Thursday, November 26, 2009

Something to be Thankful for

I pray that this day of thanks is filled with reminders of blessings and renewal of relationships.  Today I was blessed far beyond our celebratory meal and outstanding fellowship.  Today I read a document entitled the "Manhattan Declaration: A Call of Christian Conscience."  I've written much in the past about the meaning and effect of a Christian worldview.  The Manhattan Declaration demonstrates what can happen when your mind, your heart, is gripped by Christianity as the explanation of reality, as a worldview.  It will burst out of our personal sanctuaries and blow the doors of our corporate sanctuaries.  It will cause the Kingdom of God ooze, flow, splatter, and spray over our world - reclaiming territory for King Jesus, putting things back to the way their supposed to be.  Below you'll find the preamble to the Manhattan Declaration which briefly documents the profound preserving and advancing influence of Christianity on western culture.  This is much more than a profession of Christian ideas.  In this act of declaration Catholic, Orthodox, and Evangelical Christians have joined together out of a common understanding of what is really real and how that understanding ought to be lived out by real believers.  I urge you to read the complete document and if it agrees with your convictions about the way things ought to be, to sign it and pass it on.
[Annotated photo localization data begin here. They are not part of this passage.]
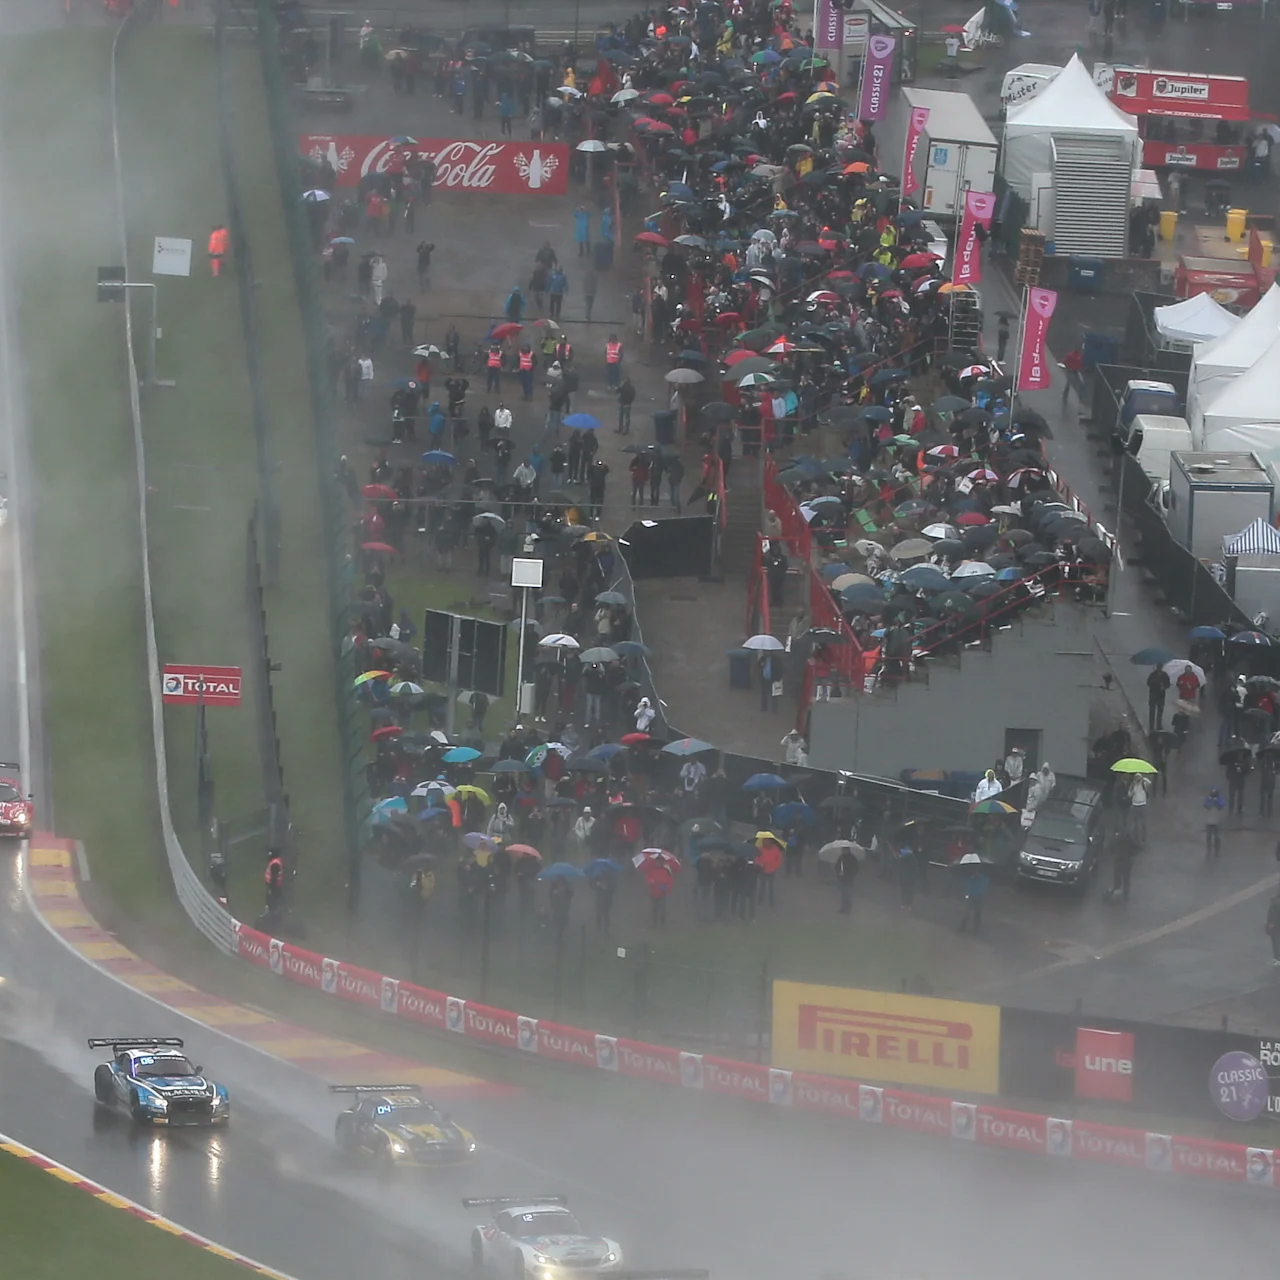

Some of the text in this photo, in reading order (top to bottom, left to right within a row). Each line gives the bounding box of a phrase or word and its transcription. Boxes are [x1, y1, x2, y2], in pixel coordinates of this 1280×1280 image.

[869, 64, 884, 113] CLASSIC 21
[1170, 83, 1206, 95] Jupiler
[184, 679, 239, 694] TOTAL
[282, 951, 322, 981] TOTAL
[337, 969, 380, 1000] TOTAL
[398, 988, 444, 1020] TOTAL
[465, 1009, 516, 1041] TOTAL
[797, 1003, 974, 1072] PIRELLI
[539, 1028, 594, 1058] TOTAL
[1260, 1041, 1272, 1051] LA
[620, 1046, 678, 1077] TOTAL
[1084, 1055, 1133, 1075] une
[1217, 1068, 1264, 1084] CLASSIC
[705, 1064, 765, 1094] TOTAL
[1219, 1085, 1238, 1103] 21
[377, 1105, 391, 1115] 04
[887, 1097, 949, 1128] TOTAL
[978, 1113, 1045, 1144] TOTAL
[522, 1214, 534, 1223] 12
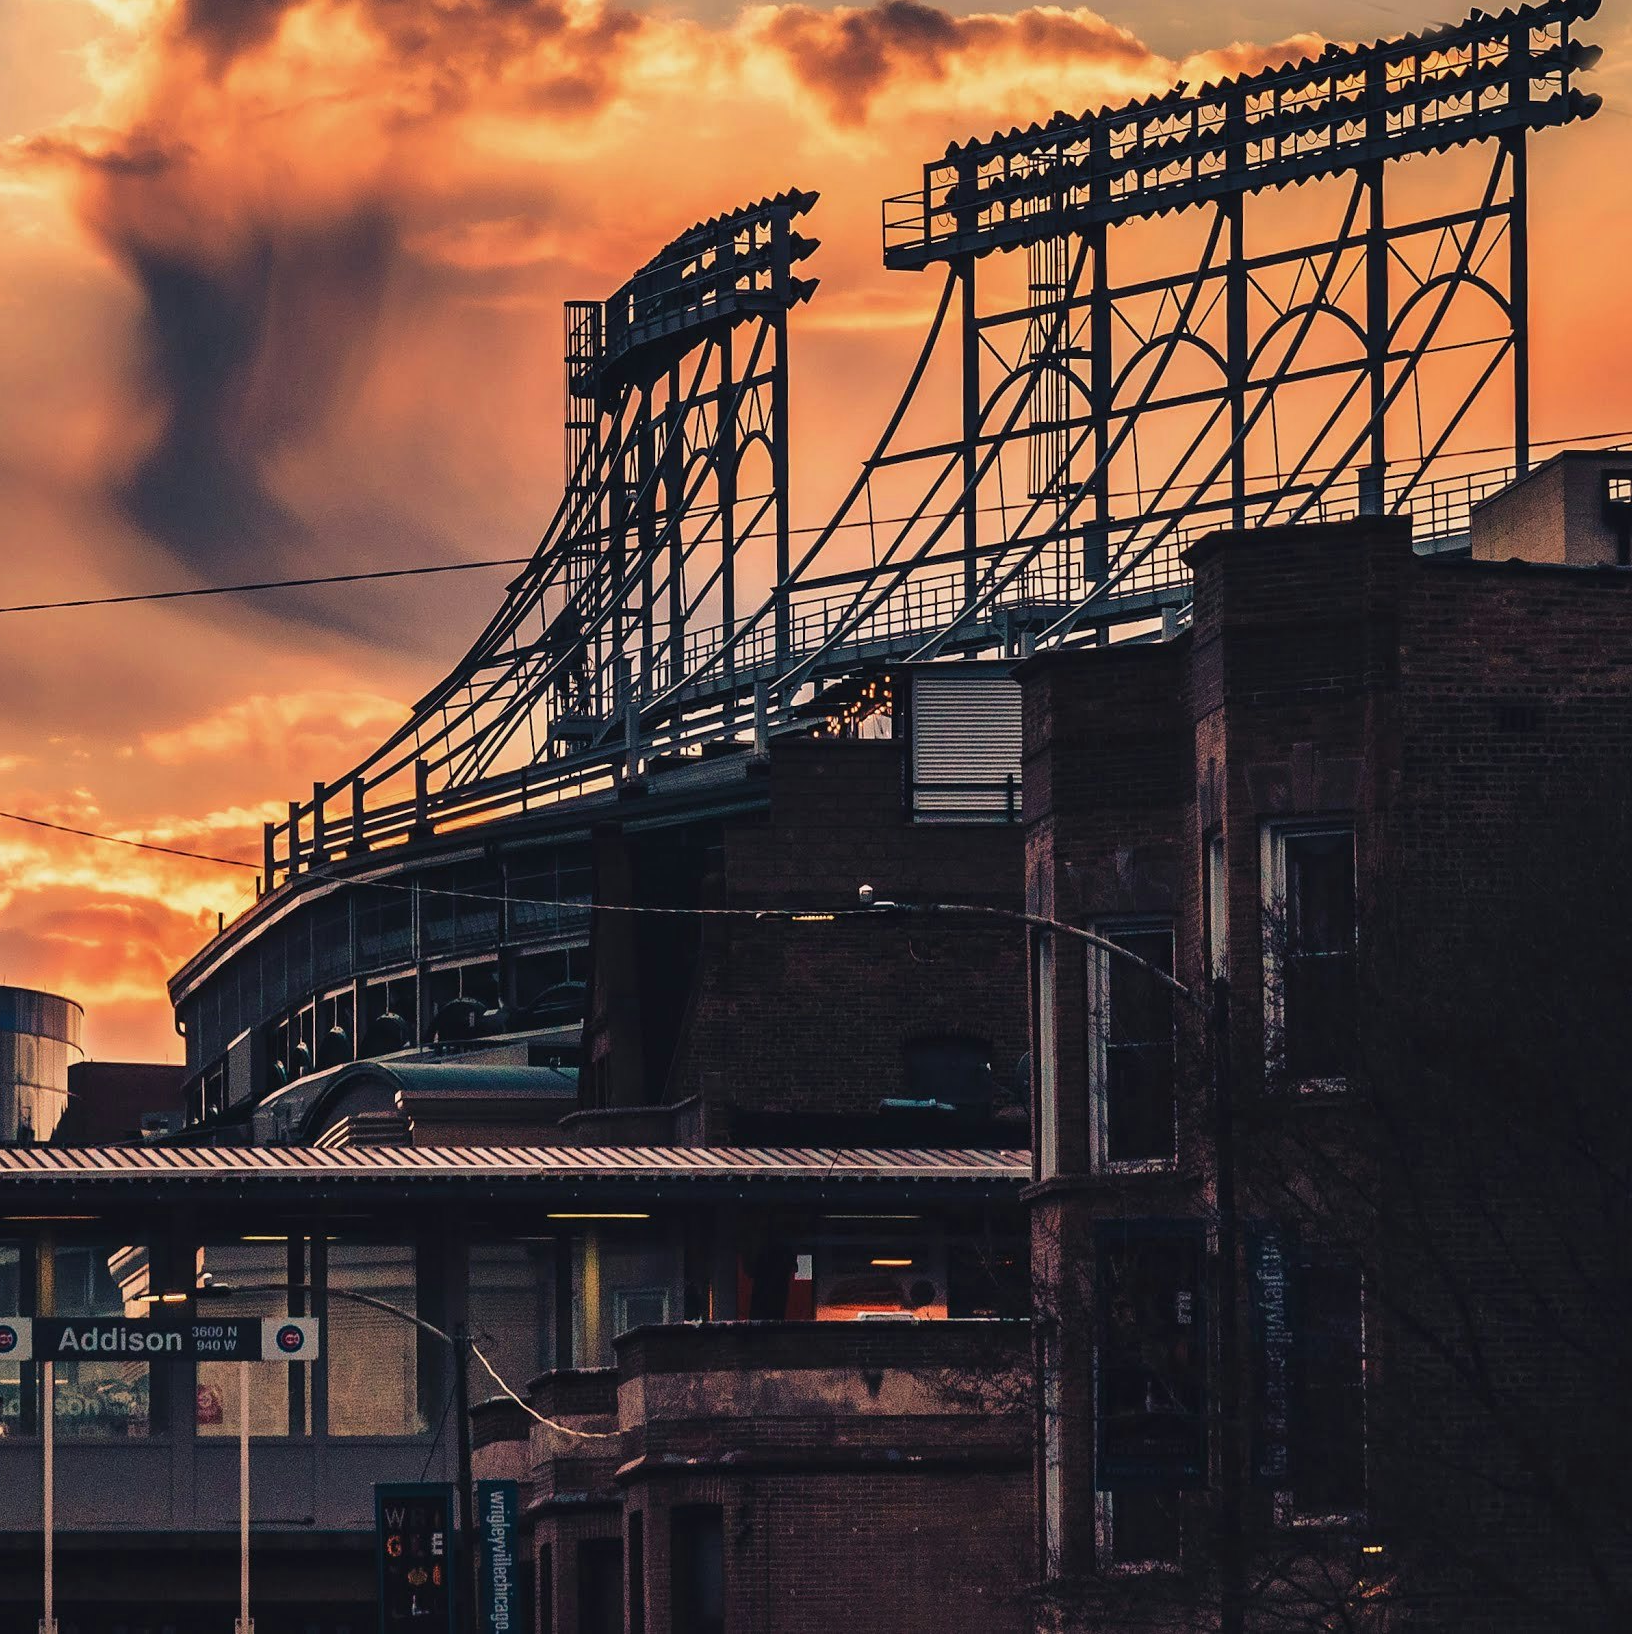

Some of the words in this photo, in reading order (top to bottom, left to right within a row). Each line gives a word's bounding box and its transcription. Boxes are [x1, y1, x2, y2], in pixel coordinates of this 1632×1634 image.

[192, 1326, 223, 1338] 3600
[227, 1326, 238, 1337] N
[58, 1327, 183, 1352] Addison
[196, 1340, 221, 1351] 940
[223, 1340, 237, 1351] W
Christians are heirs of a 2,000-year tradition of proclaiming God’s word, seeking justice in our societies, resisting tyranny, and reaching out with compassion to the poor, oppressed and suffering.

While fully acknowledging the imperfections and shortcomings of Christian institutions and communities in all ages, we claim the heritage of those Christians who defended innocent life by rescuing discarded babies from trash heaps in Roman cities and publicly denouncing the Empire’s sanctioning of infanticide. We remember with reverence those believers who sacrificed their lives by remaining in Roman cities to tend the sick and dying during the plagues, and who died bravely in the coliseums rather than deny their Lord.

After the barbarian tribes overran Europe, Christian monasteries preserved not only the Bible but also the literature and art of Western culture. It was Christians who combated the evil of slavery: Papal edicts in the 16th and 17th centuries decried the practice of slavery and first excommunicated anyone involved in the slave trade; evangelical Christians in England, led by John Wesley and William Wilberforce, put an end to the slave trade in that country. Christians under Wilberforce’s leadership also formed hundreds of societies for helping the poor, the imprisoned, and child laborers chained to machines.

In Europe, Christians challenged the divine claims of kings and successfully fought to establish the rule of law and balance of governmental powers, which made modern democracy possible. And in America, Christian women stood at the vanguard of the suffrage movement. The great civil rights crusades of the 1950s and 60s were led by Christians claiming the Scriptures and asserting the glory of the image of God in every human being regardless of race, religion, age or class.

This same devotion to human dignity has led Christians in the last decade to work to end the dehumanizing scourge of human trafficking and sexual slavery, bring compassionate care to AIDS sufferers in Africa, and assist in a myriad of other human rights causes – from providing clean water in developing nations to providing homes for tens of thousands of children orphaned by war, disease and gender discrimination.

Like those who have gone before us in the faith, Christians today are called to proclaim the Gospel of costly grace, to protect the intrinsic dignity of the human person and to stand for the common good. In being true to its own calling, the call to discipleship, the church through service to others can make a profound contribution to the public good.